Work to complete
Restate each entry shown beneath this instruction, keeping its wording intact.
□ □ □ □ □ □ □
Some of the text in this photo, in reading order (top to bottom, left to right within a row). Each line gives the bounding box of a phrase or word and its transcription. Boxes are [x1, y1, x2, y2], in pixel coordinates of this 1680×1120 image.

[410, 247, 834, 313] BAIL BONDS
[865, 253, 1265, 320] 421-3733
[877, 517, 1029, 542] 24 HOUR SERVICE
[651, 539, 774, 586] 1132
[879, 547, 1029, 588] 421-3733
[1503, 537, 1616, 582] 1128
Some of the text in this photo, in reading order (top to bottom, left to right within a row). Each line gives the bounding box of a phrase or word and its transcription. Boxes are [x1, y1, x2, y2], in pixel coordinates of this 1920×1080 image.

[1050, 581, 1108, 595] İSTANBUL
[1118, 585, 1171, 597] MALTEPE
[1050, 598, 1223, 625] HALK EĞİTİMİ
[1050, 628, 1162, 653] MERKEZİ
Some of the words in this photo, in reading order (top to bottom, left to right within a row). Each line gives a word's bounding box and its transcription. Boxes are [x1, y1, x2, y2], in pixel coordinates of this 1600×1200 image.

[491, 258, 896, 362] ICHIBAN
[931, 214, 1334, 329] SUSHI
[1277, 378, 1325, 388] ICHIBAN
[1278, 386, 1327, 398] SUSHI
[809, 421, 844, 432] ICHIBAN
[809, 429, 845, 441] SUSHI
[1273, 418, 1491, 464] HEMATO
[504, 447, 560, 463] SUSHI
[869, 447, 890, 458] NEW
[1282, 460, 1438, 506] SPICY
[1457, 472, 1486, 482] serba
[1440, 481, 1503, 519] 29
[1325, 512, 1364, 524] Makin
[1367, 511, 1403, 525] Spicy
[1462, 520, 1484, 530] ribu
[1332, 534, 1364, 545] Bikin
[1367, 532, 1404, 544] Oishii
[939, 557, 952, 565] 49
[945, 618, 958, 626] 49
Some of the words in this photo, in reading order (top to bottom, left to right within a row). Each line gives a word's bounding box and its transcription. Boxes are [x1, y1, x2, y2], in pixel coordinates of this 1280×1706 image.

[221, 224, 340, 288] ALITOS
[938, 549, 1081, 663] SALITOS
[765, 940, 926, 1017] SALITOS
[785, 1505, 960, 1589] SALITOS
□ □ □ □ □ □ □
Answer box
Some of the text in this photo, in reading order (top to bottom, left to right within a row). Each line gives the bounding box of a phrase or word and its transcription. Boxes are [x1, y1, x2, y2], in pixel coordinates of this 1680×1120 image.

[410, 247, 834, 313] BAIL BONDS
[865, 253, 1265, 320] 421-3733
[877, 517, 1029, 542] 24 HOUR SERVICE
[651, 539, 774, 586] 1132
[879, 547, 1029, 588] 421-3733
[1503, 537, 1616, 582] 1128
Some of the text in this photo, in reading order (top to bottom, left to right within a row). Each line gives the bounding box of a phrase or word and its transcription. Boxes are [x1, y1, x2, y2], in pixel coordinates of this 1920×1080 image.

[1050, 581, 1108, 595] İSTANBUL
[1118, 585, 1171, 597] MALTEPE
[1050, 598, 1223, 625] HALK EĞİTİMİ
[1050, 628, 1162, 653] MERKEZİ
Some of the words in this photo, in reading order (top to bottom, left to right within a row). Each line gives a word's bounding box and its transcription. Boxes are [x1, y1, x2, y2], in pixel coordinates of this 1600×1200 image.

[491, 258, 896, 362] ICHIBAN
[931, 214, 1334, 329] SUSHI
[1277, 378, 1325, 388] ICHIBAN
[1278, 386, 1327, 398] SUSHI
[809, 421, 844, 432] ICHIBAN
[809, 429, 845, 441] SUSHI
[1273, 418, 1491, 464] HEMATO
[504, 447, 560, 463] SUSHI
[869, 447, 890, 458] NEW
[1282, 460, 1438, 506] SPICY
[1457, 472, 1486, 482] serba
[1440, 481, 1503, 519] 29
[1325, 512, 1364, 524] Makin
[1367, 511, 1403, 525] Spicy
[1462, 520, 1484, 530] ribu
[1332, 534, 1364, 545] Bikin
[1367, 532, 1404, 544] Oishii
[939, 557, 952, 565] 49
[945, 618, 958, 626] 49
Some of the words in this photo, in reading order (top to bottom, left to right within a row). Each line gives a word's bounding box and its transcription. Boxes are [x1, y1, x2, y2], in pixel coordinates of this 1280×1706 image.

[221, 224, 340, 288] ALITOS
[938, 549, 1081, 663] SALITOS
[765, 940, 926, 1017] SALITOS
[785, 1505, 960, 1589] SALITOS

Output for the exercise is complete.